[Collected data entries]
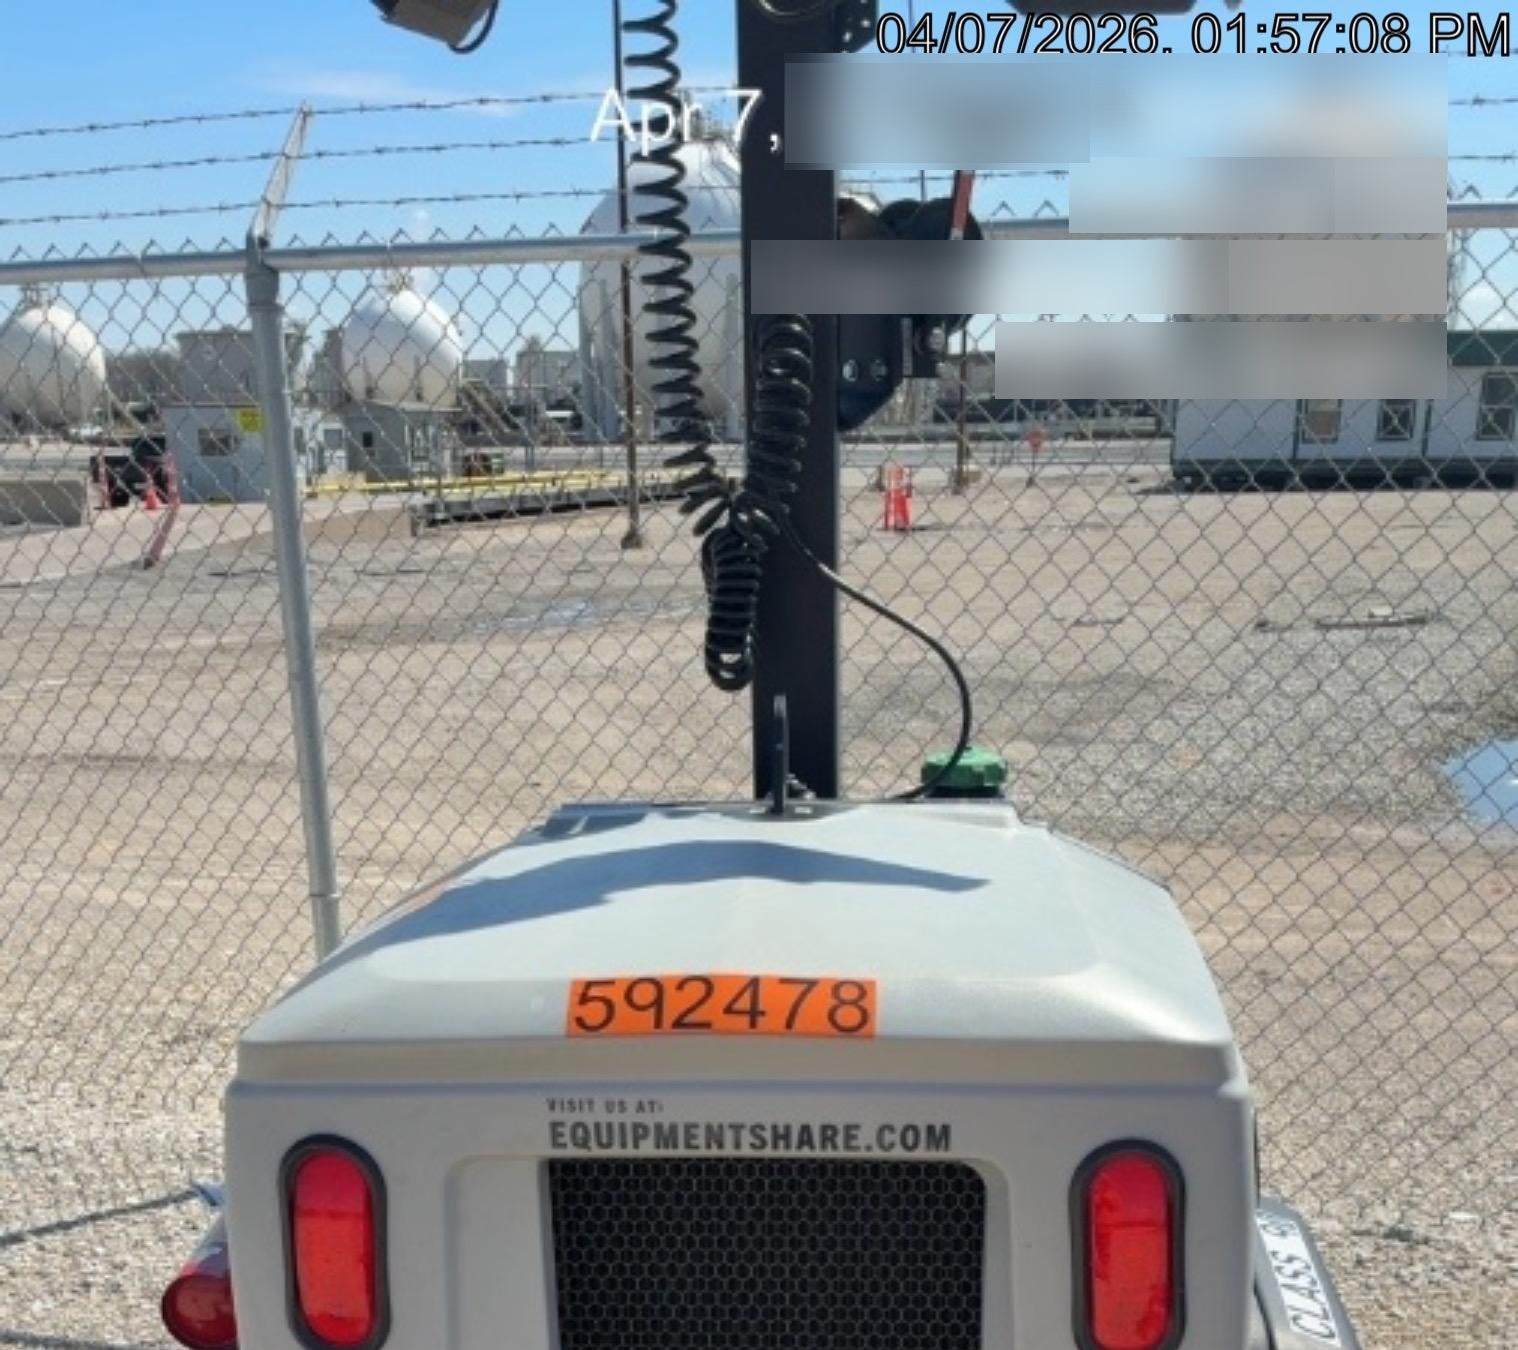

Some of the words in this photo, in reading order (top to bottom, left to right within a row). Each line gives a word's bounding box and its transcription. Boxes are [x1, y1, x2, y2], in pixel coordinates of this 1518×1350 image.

[574, 975, 870, 1033] 592478
[546, 1098, 595, 1114] VISIT
[605, 1100, 628, 1114] US
[549, 1120, 953, 1152] EQUIPMENTSHARE.COM
[1269, 1249, 1337, 1340] CLASS
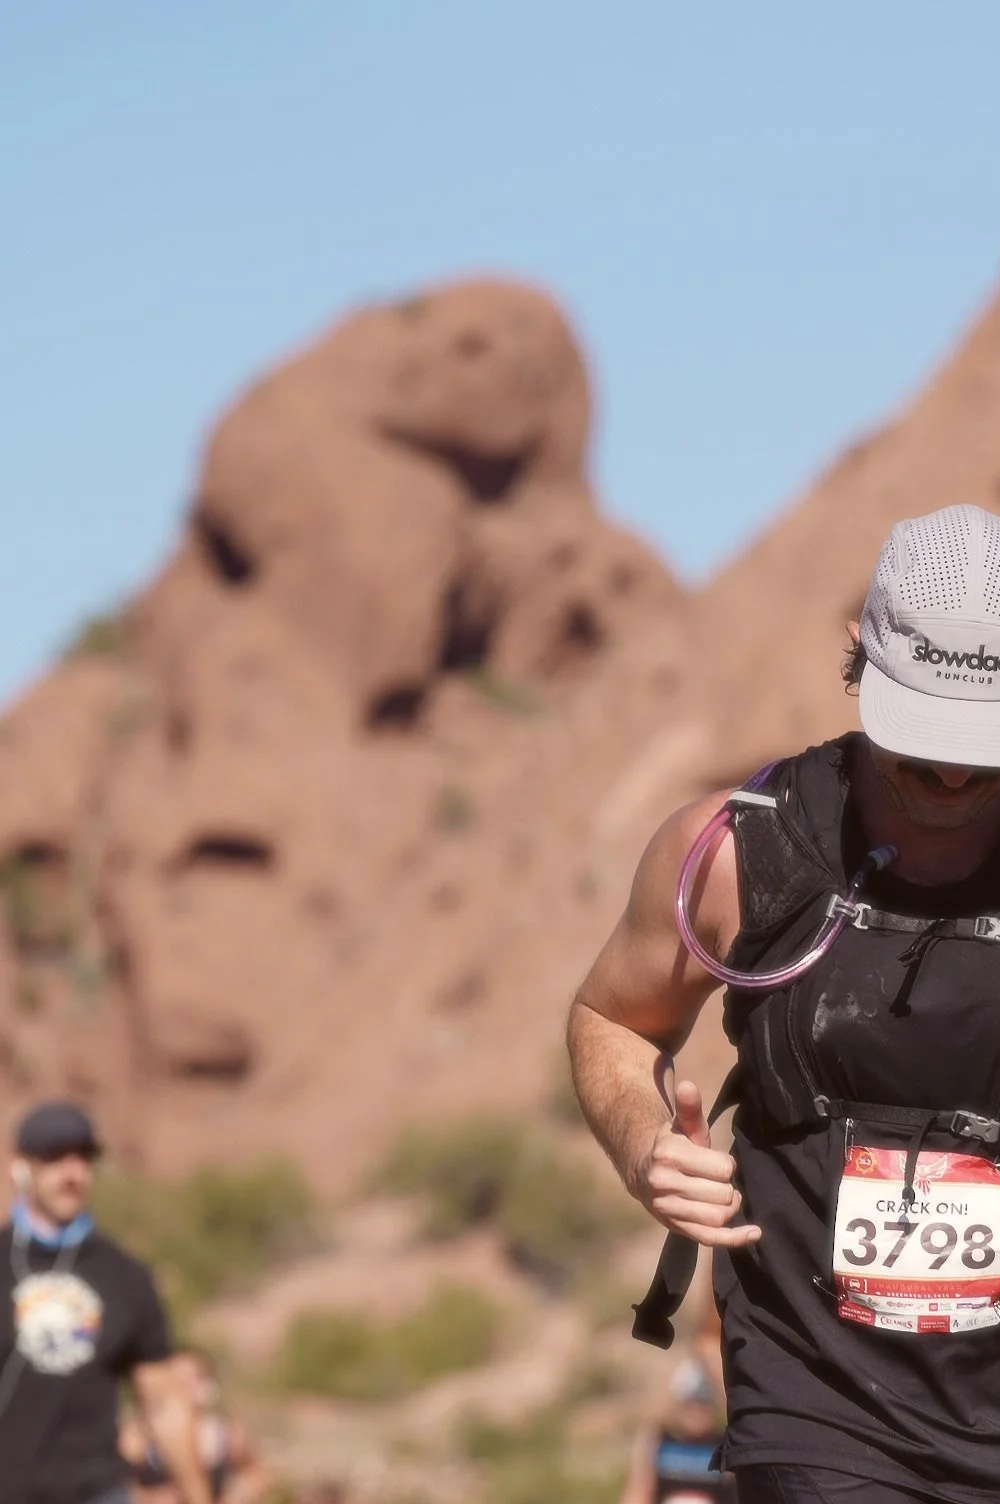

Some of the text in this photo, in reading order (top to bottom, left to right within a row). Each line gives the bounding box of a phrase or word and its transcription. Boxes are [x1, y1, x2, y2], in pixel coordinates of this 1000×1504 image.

[876, 1200, 968, 1216] CRACK ON!
[842, 1217, 996, 1270] 3798
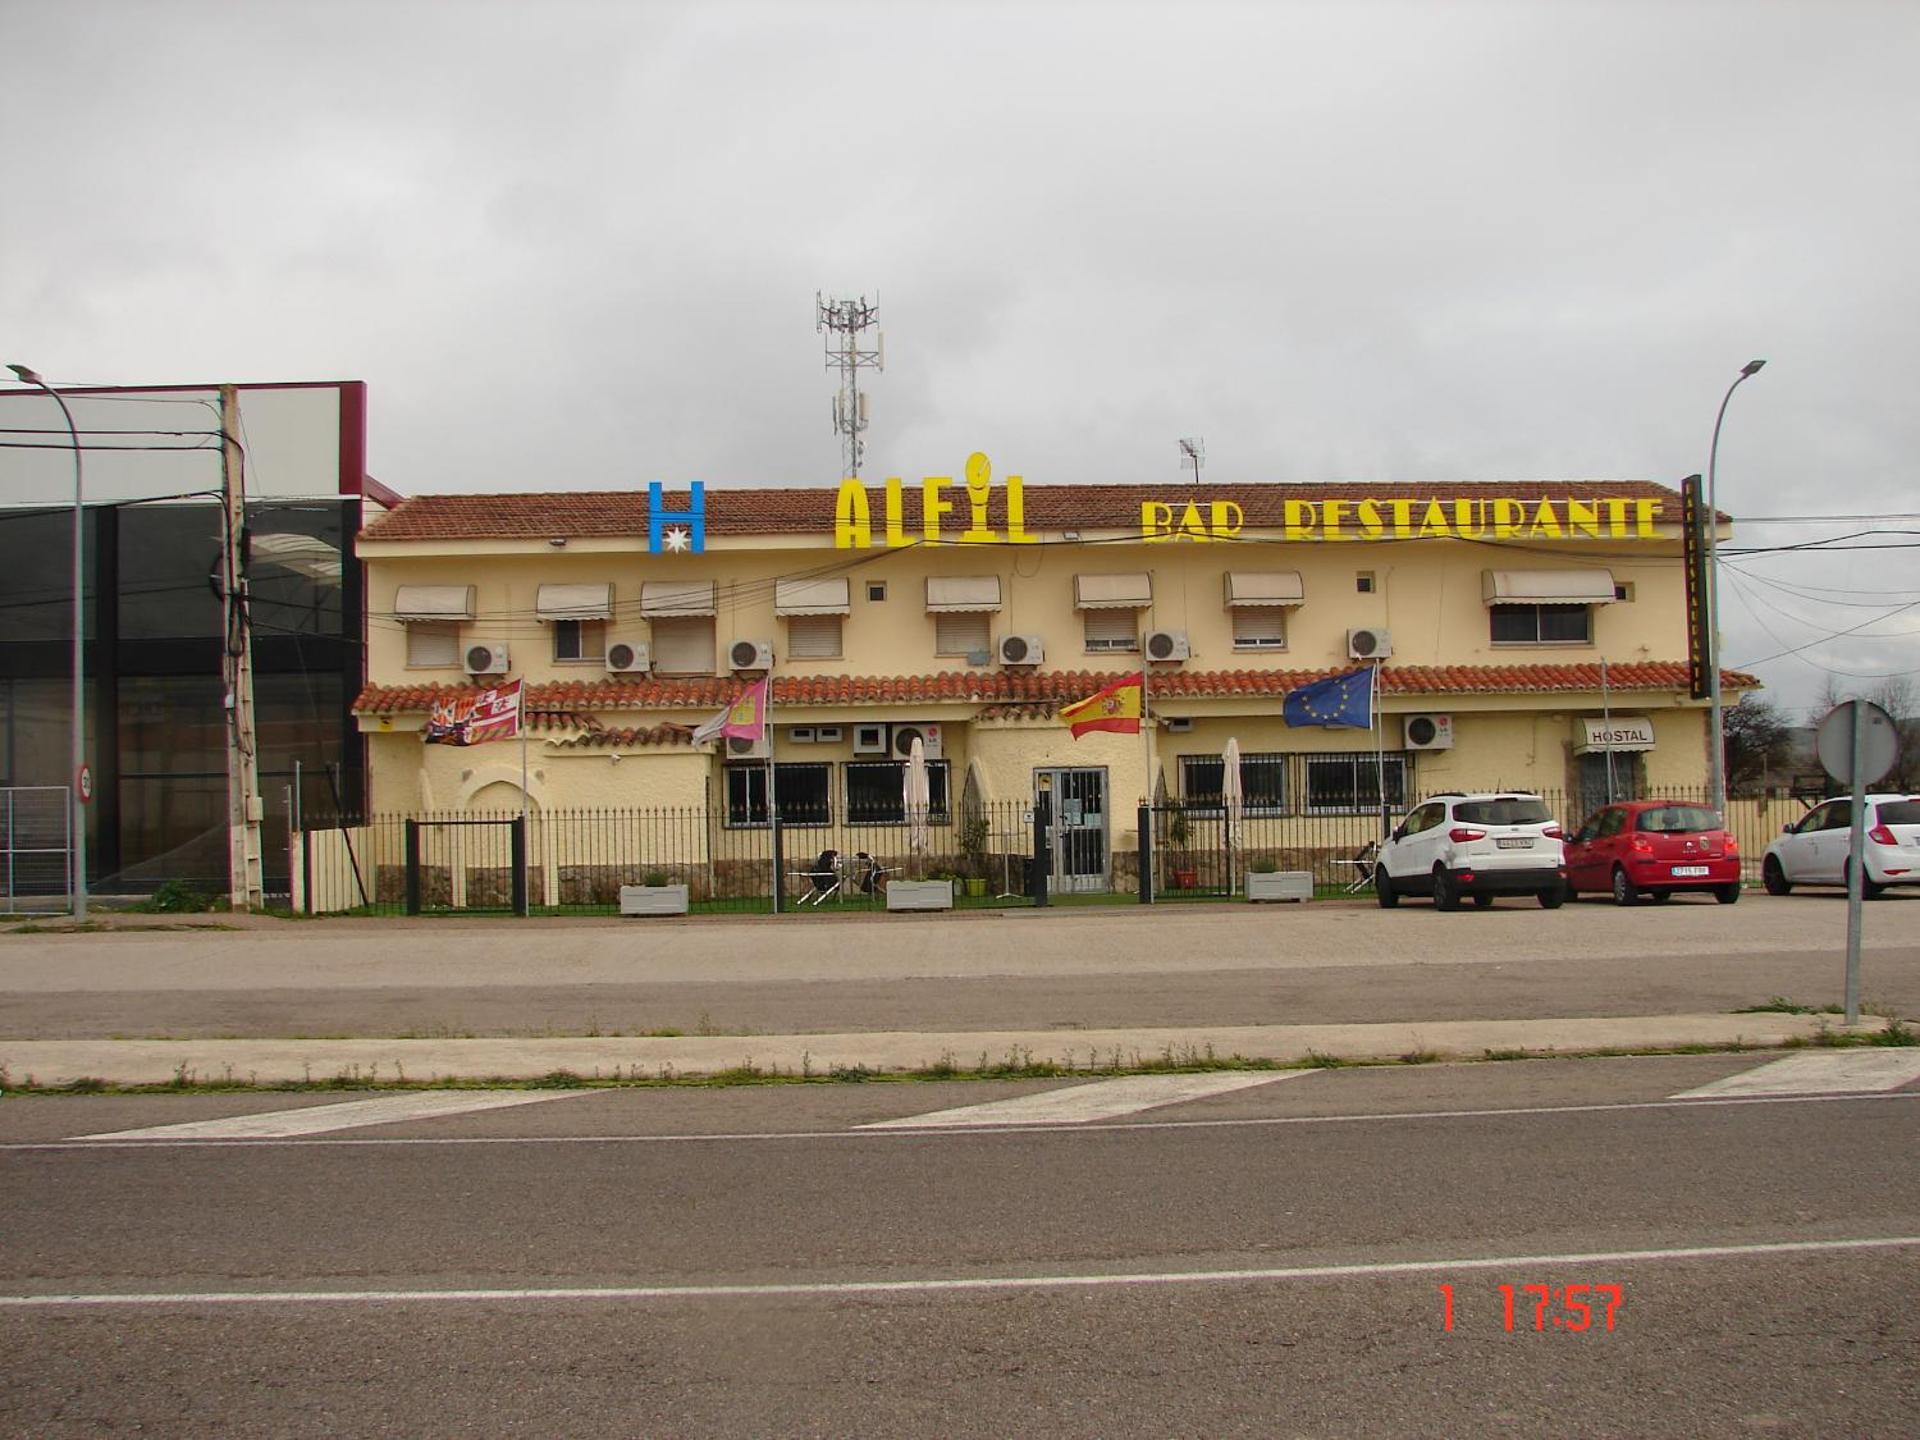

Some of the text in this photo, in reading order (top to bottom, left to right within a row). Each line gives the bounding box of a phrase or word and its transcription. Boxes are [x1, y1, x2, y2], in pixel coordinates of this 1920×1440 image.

[648, 481, 705, 553] H
[1141, 495, 1665, 544] BAR RESTAURANTE
[1592, 730, 1648, 742] HOSTAL

* **AIM OF THE EXERCISE**: If an entry holds an image, omit that image and print the remainder exactly as it stands.

* **ANSWER BOX**:
Some of the words in this photo, in reading order (top to bottom, left to right within a row). Each line gives a word's bounding box and its transcription. Boxes are [x1, y1, x2, y2], in pixel coordinates of this 1518×1350 image.

[574, 975, 870, 1033] 592478
[546, 1098, 595, 1114] VISIT
[605, 1100, 628, 1114] US
[549, 1120, 953, 1152] EQUIPMENTSHARE.COM
[1269, 1249, 1337, 1340] CLASS

Some of the text in this photo, in reading order (top to bottom, left to right within a row). Each line gives the bounding box of a phrase or word and its transcription. Boxes are [x1, y1, x2, y2], in pixel coordinates of this 1000×1504 image.

[876, 1200, 968, 1216] CRACK ON!
[842, 1217, 996, 1270] 3798

Some of the text in this photo, in reading order (top to bottom, left to right within a row). Each line gives the bounding box of a phrase or word and its transcription. Boxes are [x1, y1, x2, y2], in pixel coordinates of this 1920×1440 image.

[648, 481, 705, 553] H
[1141, 495, 1665, 544] BAR RESTAURANTE
[1592, 730, 1648, 742] HOSTAL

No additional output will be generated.